L’uomo era andato all’ospedale Jazzolino lamentando persistenti difficoltà respiratorie ma dopo gli accertamenti medici era stato mandato a casa. I familiari: «Non chiediamo giustizia sommaria ma solo di fare chiarezza»
Tutti gli articoli di Cronaca
PHOTO
«Non vogliamo una giustizia sommaria. Chiediamo solo che si faccia chiarezza su quanto è accaduto, che si accerti se sono stati rispettati tutti i protocolli e se sono stati eseguiti gli accertamenti doverosi». È la premessa dei familiari di un 70enne di Dinami, Antonino Cavallaro, deceduto lo scorso 1° aprile nella propria abitazione, a soli quattro giorni dalle sue dimissioni dal nosocomio della città capoluogo di provincia. La famiglia ha presentato una denuncia-querela.
Secondo quanto risulta dalla documentazione sanitaria, alle 11 circa del 28 marzo l’uomo si è presentato al Pronto Soccorso lamentando difficoltà respiratorie da due giorni e riferendo un aumento di peso. Il paziente, affetto da patologie croniche pregresse quali scompenso cardiaco e insufficienza renale, sarebbe stato di conseguenza sottoposto a radiografia del torace, elettrocardiogramma ed esami del sangue. Due ore e mezza dopo, le sue dimissioni sulla base di "esami nella norma, non urgenze in atto" e con prescrizione di terapia antibiotica, cortisone e aerosol, oltre all'indicazione di "controllo dal medico curante". Quattro giorni dopo, come detto, la sua morte.
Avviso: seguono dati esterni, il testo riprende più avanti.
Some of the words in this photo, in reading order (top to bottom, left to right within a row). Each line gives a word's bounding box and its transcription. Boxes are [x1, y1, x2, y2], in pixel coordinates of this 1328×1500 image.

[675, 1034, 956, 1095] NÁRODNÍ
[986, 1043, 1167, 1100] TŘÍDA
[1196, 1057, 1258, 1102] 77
I familiari, assistiti dall’avvocato Anna Barone, al riguardo hanno presentato formale denuncia-querela alla Procura della Repubblica, chiedendo di accertare eventuali profili di responsabilità sanitaria. Secondo la ricostruzione dei legali, di fronte a un paziente con sintomatologia grave e persistente - difficoltà respiratoria da due giorni, importante aumento di peso, scompenso cardiaco noto - sarebbero stati necessari approfondimenti diagnostici specifici: dosaggio dei marker cardiaci (Bnp), ecocardiogramma, eventuale consulenza specialistica cardiologica. «Il breve lasso di tempo tra le dimissioni e il decesso - afferma il legale della famiglia - solleva interrogativi. Se la patologia che ha causato la morte era già in atto il 28 marzo, come sembra probabile dato il decorso rapidissimo, avrebbe dovuto essere diagnosticata e trattata con il ricovero urgente in reparto specialistico. O comunque si sarebbe dovuto procedere ad una esclusione diagnostica differenziale al fine di escludere le più comuni cause di dolore toracico in primo luogo a quelle riferibili a problematiche cardiache».
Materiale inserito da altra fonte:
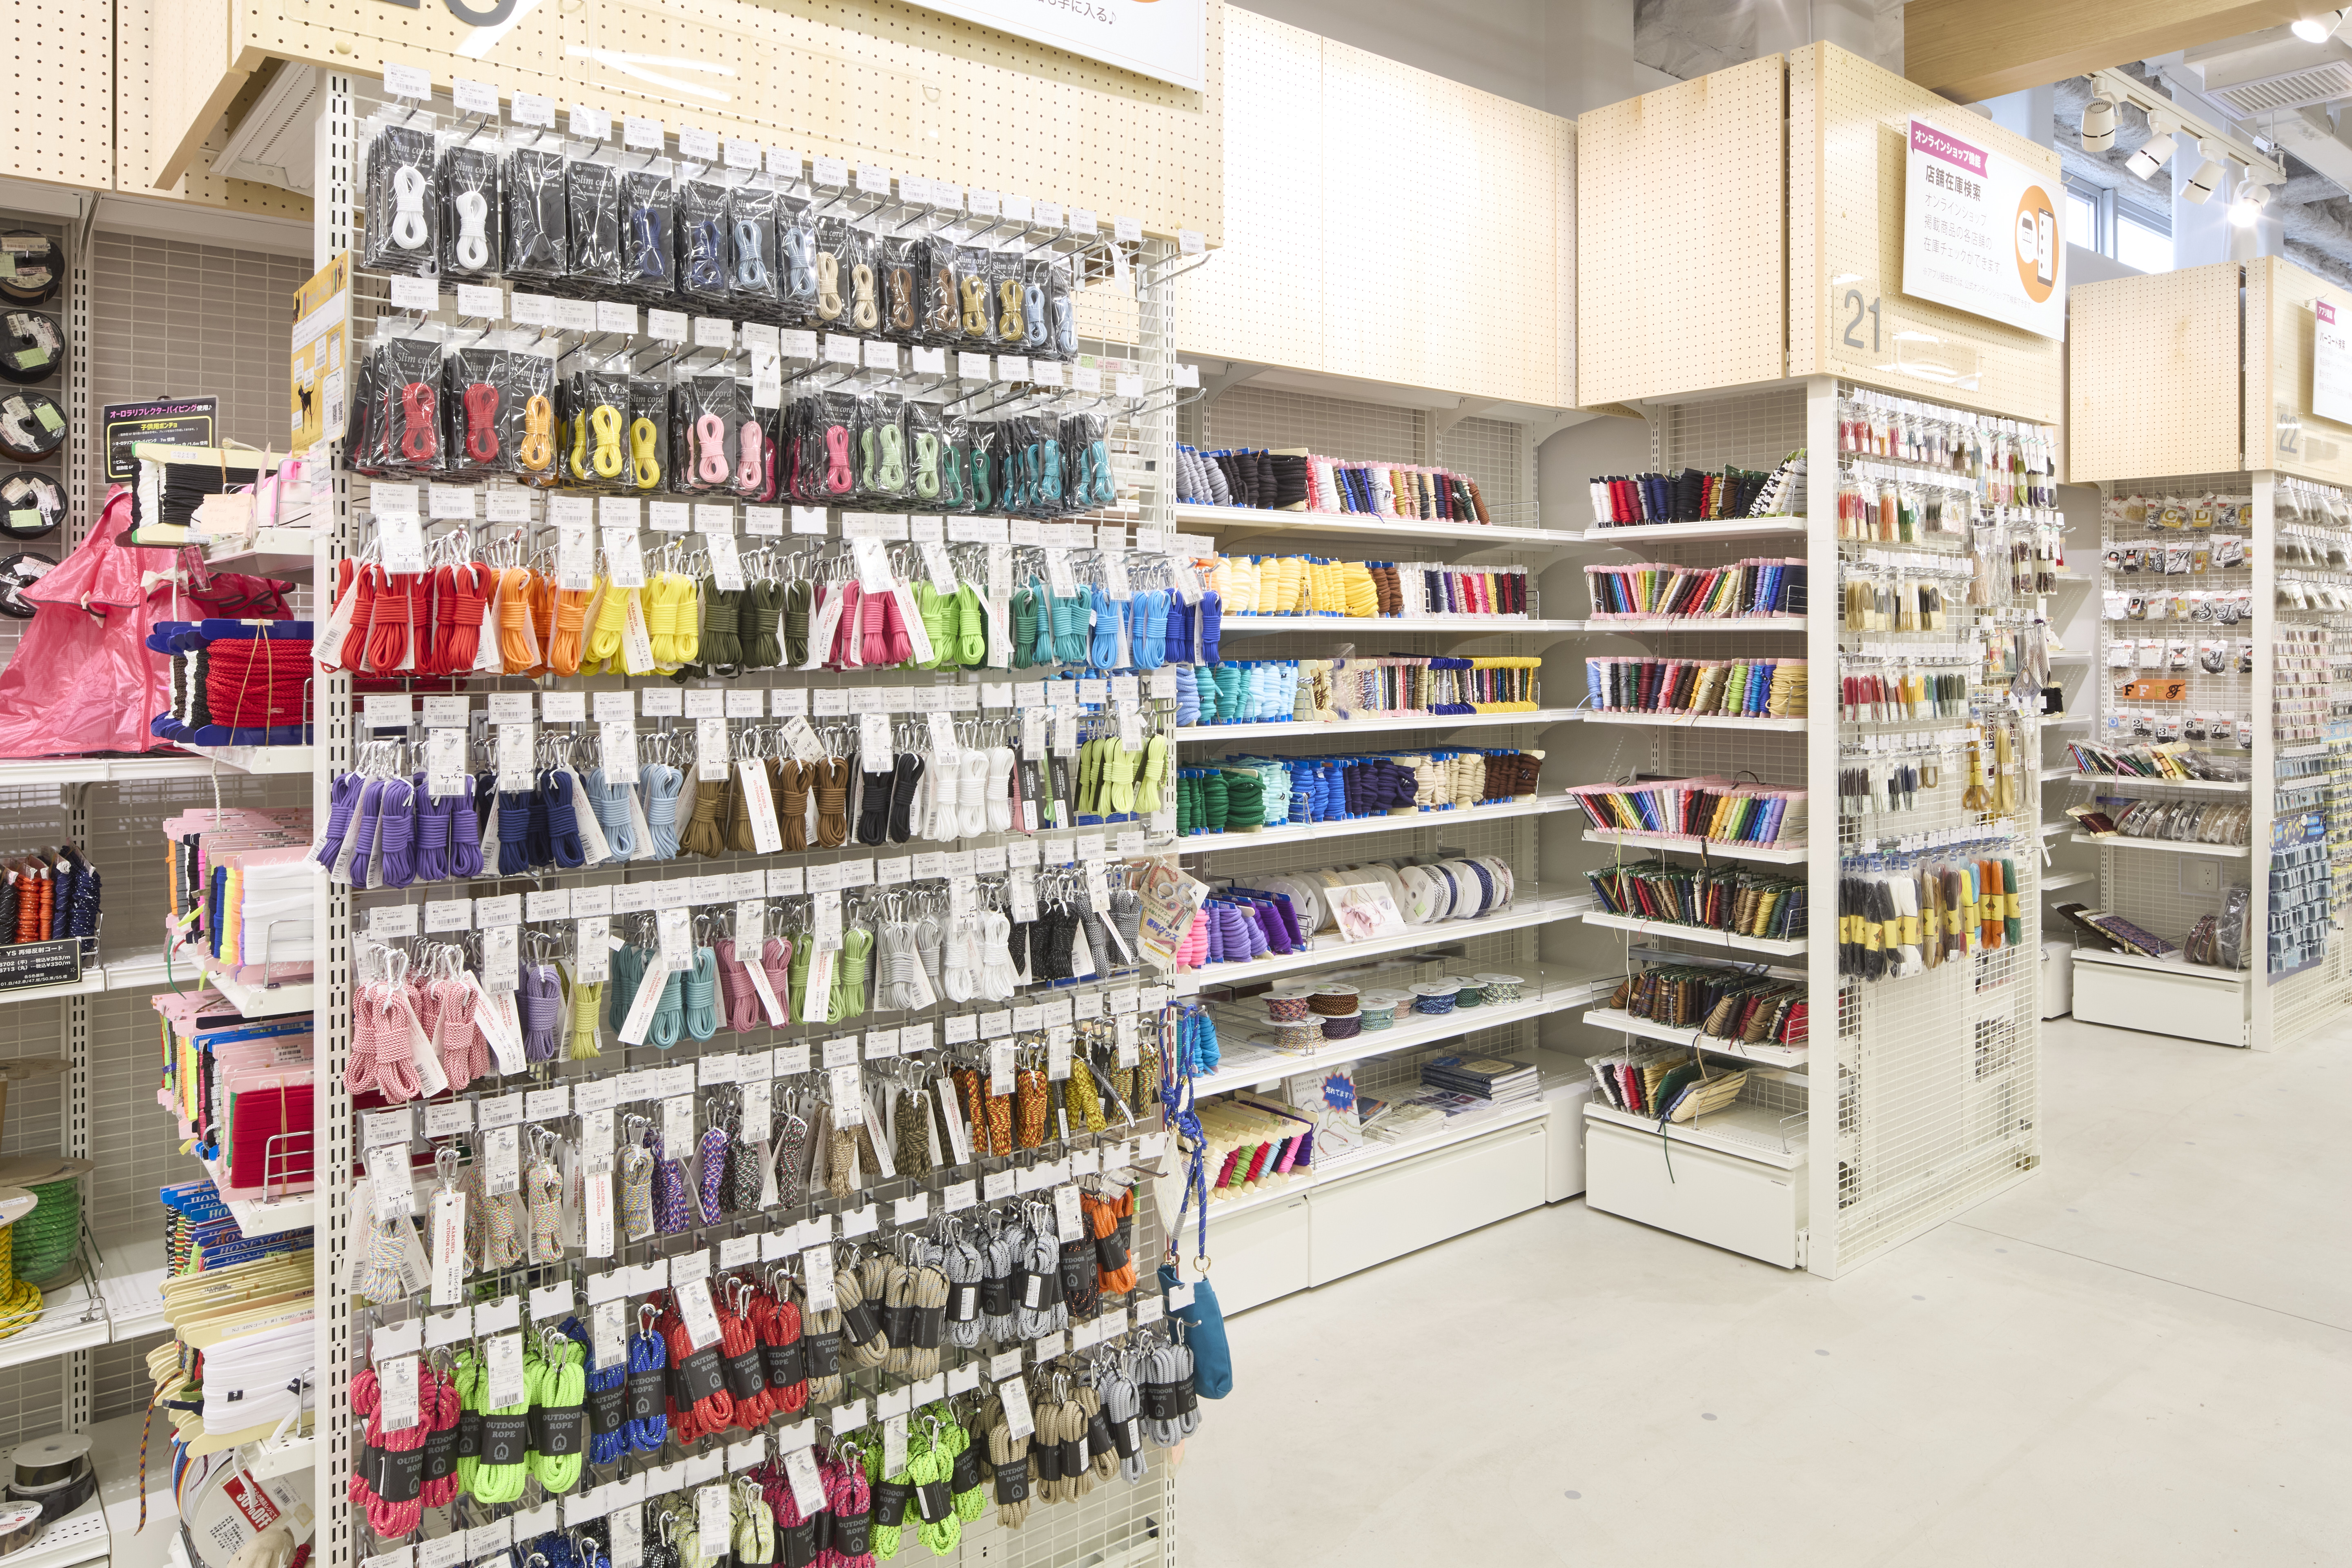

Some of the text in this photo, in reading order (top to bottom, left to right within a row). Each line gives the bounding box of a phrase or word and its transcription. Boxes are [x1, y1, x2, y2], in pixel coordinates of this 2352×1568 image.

«Non vogliamo una giustizia sommaria - ribadiscono i familiari -. Nostro zio era una persona fragile, con patologie importanti, ma forse meritava di essere trattato con maggiore attenzione e prudenza». Da quanto si apprende, la Procura della Repubblica, ricevuta la denuncia, potrebbe disporre nelle prossime settimane l'acquisizione della documentazione sanitaria e la nomina di un consulente medico-legale per valutare la causa del decesso e l'eventuale nesso causale con la condotta dei sanitari. Al momento non risultano iscrizioni nel registro degli indagati e ogni valutazione sulla sussistenza di profili di responsabilità sarà demandata agli accertamenti tecnici disposti dall'Autorità giudiziaria. La famiglia si è riservata di costituirsi parte civile nell'eventuale processo penale, per ottenere il risarcimento dei danni subiti.
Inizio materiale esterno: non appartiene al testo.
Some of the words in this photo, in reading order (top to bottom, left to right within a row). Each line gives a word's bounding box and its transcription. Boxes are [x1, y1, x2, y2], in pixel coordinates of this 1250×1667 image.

Detto ciò, la vicenda riaccende i riflettori sul delicato tema della responsabilità medica e sulla corretta gestione dei pazienti in Pronto Soccorso, in particolare quelli fragili con patologie croniche. La giurisprudenza ha più volte affermato che costituisce responsabilità del sanitario non tanto l'omessa previsione di una specifica patologia, quanto l'interruzione prematura dell'iter diagnostico e le dimissioni in presenza di sintomatologia persistente e di dati clinici che richiedono approfondimenti. La disciplina attuale, introdotta dalla cosiddetta Legge Gelli-Bianco (Legge n. 24/2017), prevede che la responsabilità penale del medico sia limitata ai casi di colpa grave, quando non siano state rispettate le linee guida e le buone pratiche clinico-assistenziali.